Considerando-se que os indicadores de resultado, particularmente no que se refere aos desfechos clínicos, estão fortemente relacionados à atenção secundária e terciária, principalmente no atendimento hospitalar, os quais sofrem influência de vários fatores relacionados à estrutura de gestão do SUS, sobre os quais a APS em um município de pequeno porte, frequentemente, não tem governança, este estudo se propõem a avaliar a experiência de gestão da Atenção Primária à Saúde (APS), limitada aos indicadores de estrutura e processo, de um município de pequeno porte do Estado de São Paulo, no período de 2012 a 2019.

É importante ressaltar que os indicadores são ferramentas que irão apoiar a gestão na tomada de decisão, além de auxiliar na construção de diretrizes, oportunizando melhorias nas ações de saúde que qualifiquem cada vez mais o atendimento e ampliem o acesso dos usuários do SUS aos serviços de saúde.

 

METODOLOGIA

Com o objetivo de avaliar indicadores de estrutura e de processo na atenção primária à saúde em Charqueada, um município de pequeno porte localizado no interior do estado de São Paulo, possui uma área territorial de 175,8 km² e população estimada de 17.190 habitantes 6 adotou-se uma pesquisa observacional descritiva, longitudinal e retrospectiva, de abordagem quantitativa.

O estudo baseou-se em dados secundários, obtidos a partir de bases públicas consolidadas, documentos oficiais, relatórios de gestão pública do sítio eletrônico do Departamento de Informática do SUS (DataSus, e-gestor, CNES), que pertence ao Ministério da Saúde, além do Sistema de Informações sobre Orçamentos Públicos em Saúde (SIOPS) e a base de dados do Sistema Estadual de Análise de Dados (Seade), que pertence ao governo do estado de São Paulo e está vinculado à Regional de Saúde (DRS-10/Piracicaba), a qual pertence o município de Charqueada/SP. Realizou-se análise dos dados destes indicadores no período de 2012 a 2019.

Foram considerados para avaliação os pressupostos de Donabedian6 sobre indicadores de estrutura e processo.
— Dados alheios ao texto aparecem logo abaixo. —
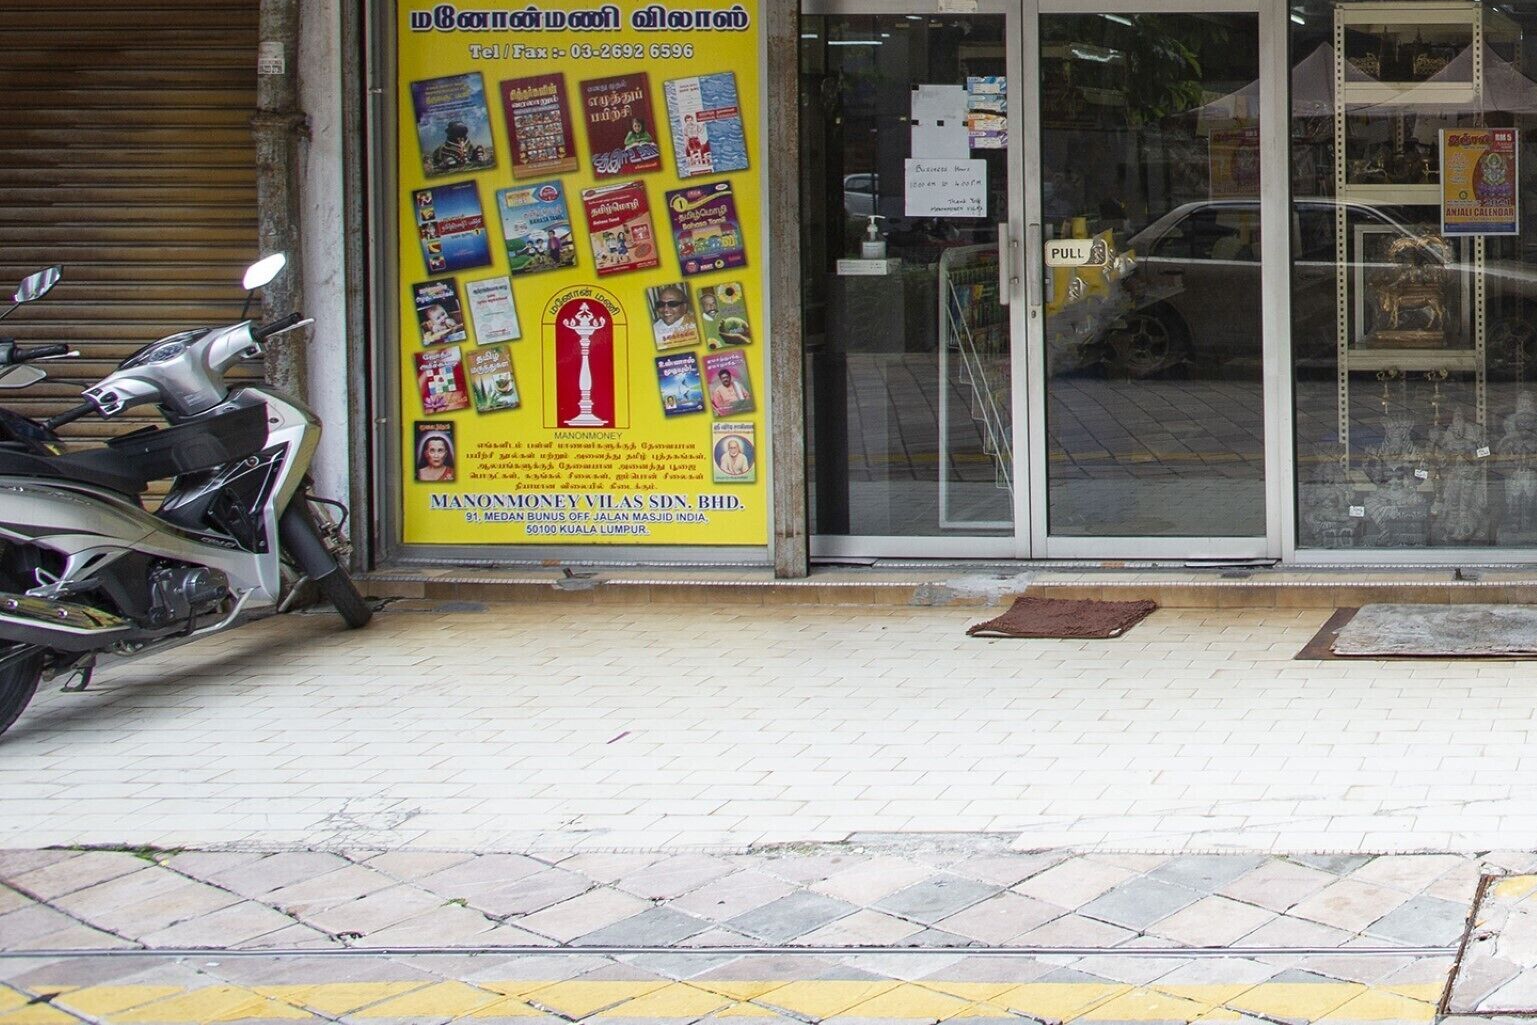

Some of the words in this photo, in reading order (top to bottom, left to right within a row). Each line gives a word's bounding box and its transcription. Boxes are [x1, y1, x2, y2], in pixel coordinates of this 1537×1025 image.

Já os indicadores de resultado foram desconsiderados neste estudo por tratar-se basicamente dos desfechos clínicos, normalmente relacionados à atenção secundária e terciária, principalmente no atendimento hospitalar, os quais sofrem influência de vários fatores relacionados à estrutura de gestão do SUS, sobre os quais a APS em um município de pequeno porte, frequentemente, não tem governança. Além de necessitarem de tempo de observação para serem concluídos, sendo considerados mais complexos na sua mensuração.

Logo, a partir da abordagem quantitativa foram analisados os seguintes indicadores de estrutura: cobertura de equipes de ESF e número de consultas médicas anuais. E os seguintes indicadores de processo ligados à APS: quantidade de diagnósticos sensíveis a AB e internação hospitalar, número de atendimentos a gestantes. Esses dados foram obtidos por e-mail junto à Diretoria Regional de Saúde (DIR-XV/Piracicaba).

Além disso, por se tratar de um estudo com dados de oito anos de série histórica, o estudo tem característica longitudinal, sendo esse um dos atributos da APS que favorece o engajamento do paciente, com a mesma equipe realizando o atendimento ao longo do tempo.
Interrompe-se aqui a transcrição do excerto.